Following the Leveson Inquiry into phone-hacking and other misconduct by the newspaper industry, the rather feeble Press Complaints Commission was abandoned. Instead, the major national tabloids and local newspapers groups banded together to form a new regulator called IPSO (the Independent Press Standards Organisation). But they kept the same old Editors’ Code. We examined IPSO in some detail in a previous post: Press regulation: why we are unimpressed by IPSO.

The Leveson Report in 2012 set out 29 criteria which it said any future approved press regulator should comply with. In due course a Press Regulatory Panel (PRP) was set up under Royal Charter, in order to approve any regulator who complied with all 29 of the Leveson criteria. However, a key requirement for the members of IPSO was that it should NOT be Leveson-compliant to the extent of being approved by the PRP, because that seemed to them too close to the idea of being directly regulated by the government. Yet although it claims to be independent of the government, IPSO cannot claim to be independent of the publishers it is supposed to be regulating, as our post explained.

Meanwhile, a rival regulator, IMPRESS, has now been approved by the PRP, who found that it was fully Leveson-compliant. 

IMPRESS does not have a big roster of national newspapers signed up, though it has a respectable number of smaller publishers who have agreed to abide by its Code of Conduct. There is currently a consultation on what should go into the Code, to which TP responded with our own suggestions. You can read our response here.

One of the main criticisms made about IMPRESS relates to its funding. It has a funding agreement with something called the Independent Press Regulation Trust (IPRT), a charitable trust funded in turn by the Alexander Mosley Charitable Trust (AMCT), whose main donor is Max Mosley. The PRP report approving IMPRESS noted, drily, that

Max Mosley has well-known views on privacy and on the behaviour of the press and has taken newspapers to court.
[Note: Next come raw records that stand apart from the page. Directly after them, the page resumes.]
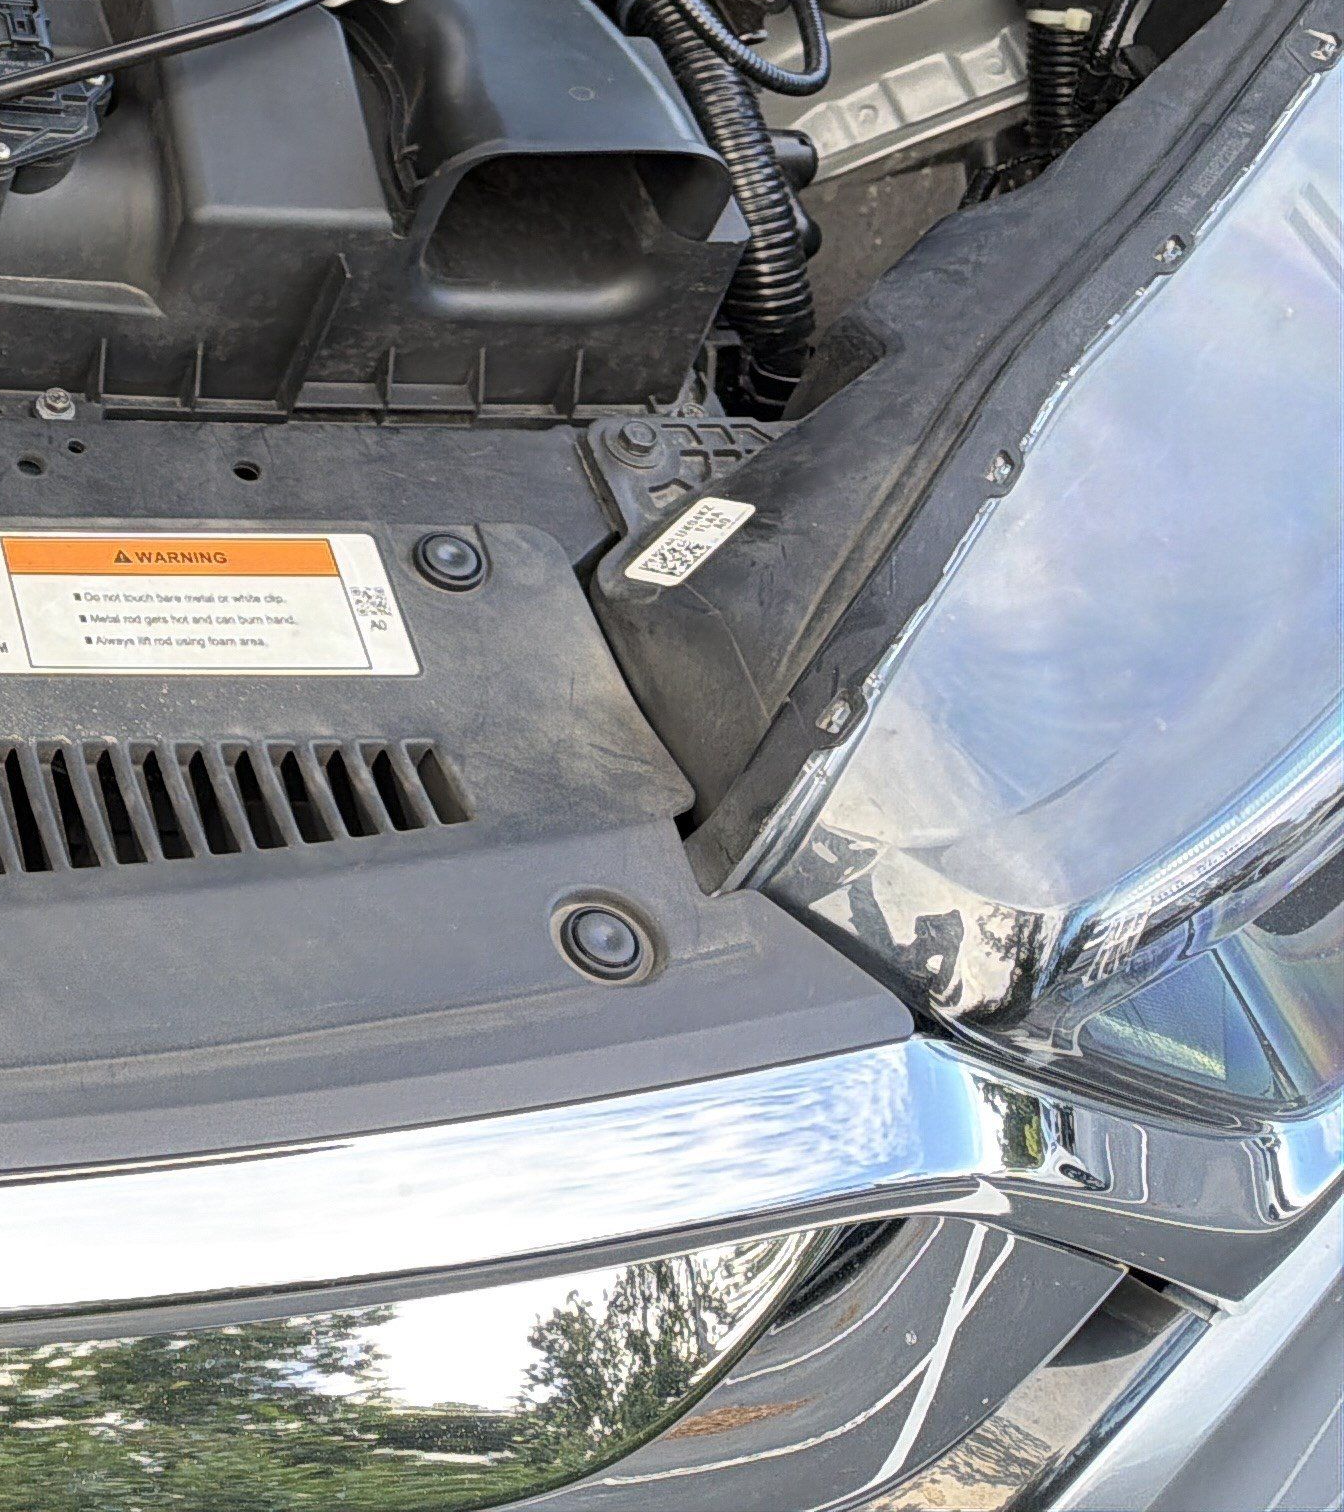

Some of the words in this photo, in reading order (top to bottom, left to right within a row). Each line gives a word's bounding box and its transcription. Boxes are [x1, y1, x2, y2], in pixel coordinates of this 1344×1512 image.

[135, 551, 228, 564] WARNING
[83, 591, 100, 602] Do
[103, 593, 121, 603] not
[123, 593, 153, 603] touch
[156, 593, 182, 603] bare
[184, 594, 215, 603] metal
[217, 595, 230, 604] or
[232, 594, 261, 603] white
[90, 614, 121, 624] Metal
[123, 615, 142, 624] rod
[144, 615, 168, 626] gets
[171, 615, 189, 624] hot
[192, 615, 213, 624] and
[216, 616, 235, 624] can
[237, 615, 263, 625] burn
[96, 636, 135, 648] Always
[138, 636, 151, 646] lift
[154, 637, 172, 646] rod
[176, 637, 206, 648] using
[208, 637, 237, 647] foam
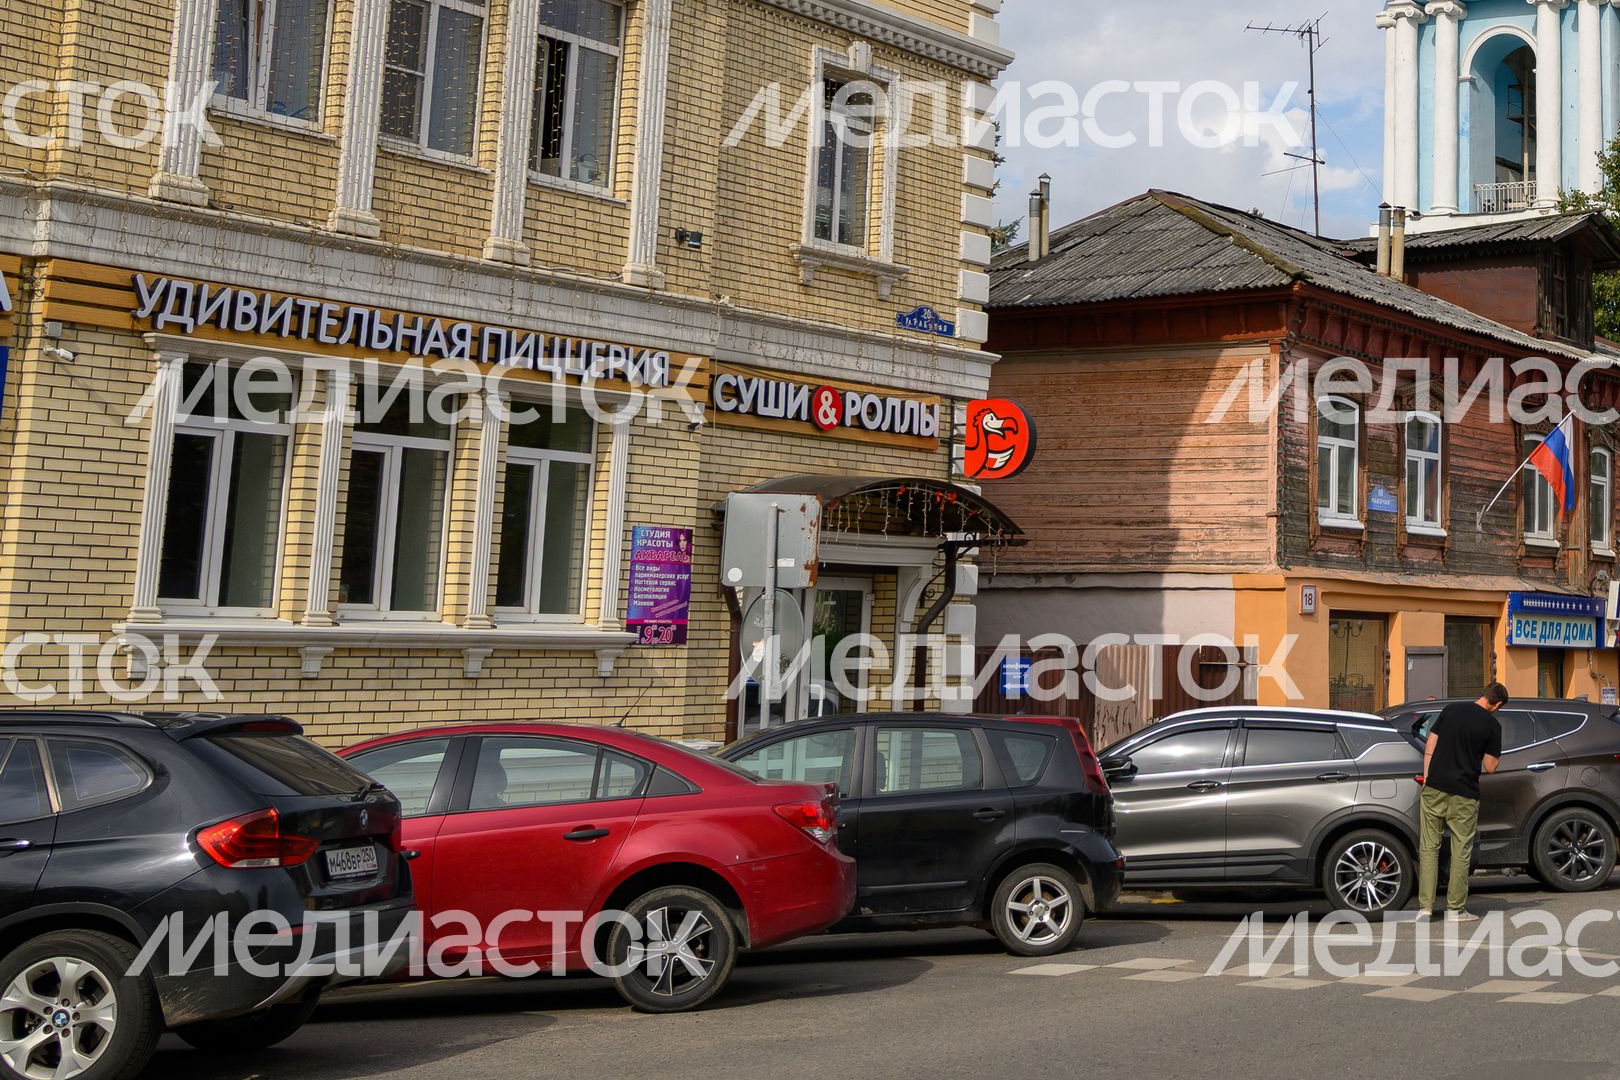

The stories about which Mosley took the papers to court were, to say the least, colourful. But he won quite substantial sums in damages for intrusion into his private life, and the newspapers were pretty sore about it afterwards.

Having considered, in some detail, the matter of IMPRESS’s independence from the sources of its funding, the PRP concluded that 

We therefore consider that the IMPRESS funding arrangements are not such as to compromise their independence for the purposes of the Criteria.

Another common complaint is directed at the Royal Charter under which the PRP operates. It is said that this is only one step away from the PRP being run directly by the government. But David Wolfe QC, chair of the PRP, answers that in his Annual Report on the recognition system published in October 2016:

We have a unique and unprecedented independence, and the Charter provides that we avoid any undue influence by anyone. The Charter itself can only be changed by a two thirds majority in the House of Commons, the House of Lords and the Scottish Parliament and with the unanimous agreement of the PRP Board.

What next?

Apart from the question of independence, the big debate now concerns what should happen when somebody sues a publisher. In particular, who should pay the legal costs?

The question arises because after the Leveson Report, legislation was put in place which provides that newspaper publishers who are not signed up to an approved regulator would have to pay the costs of any libel actions brought against them, even if they win. Publishers can avoid this draconian condition if they sign up to an approved regulator, but most of them prefer to be “self-regulated” by IPSO.

The relevant provisions are in section 40 of the Crime and Courts Act 2013, which has been enacted by Parliament and is on the statute book, but that particular bit of it has not yet been brought into effect. Two things needed to happen to bring it into effect.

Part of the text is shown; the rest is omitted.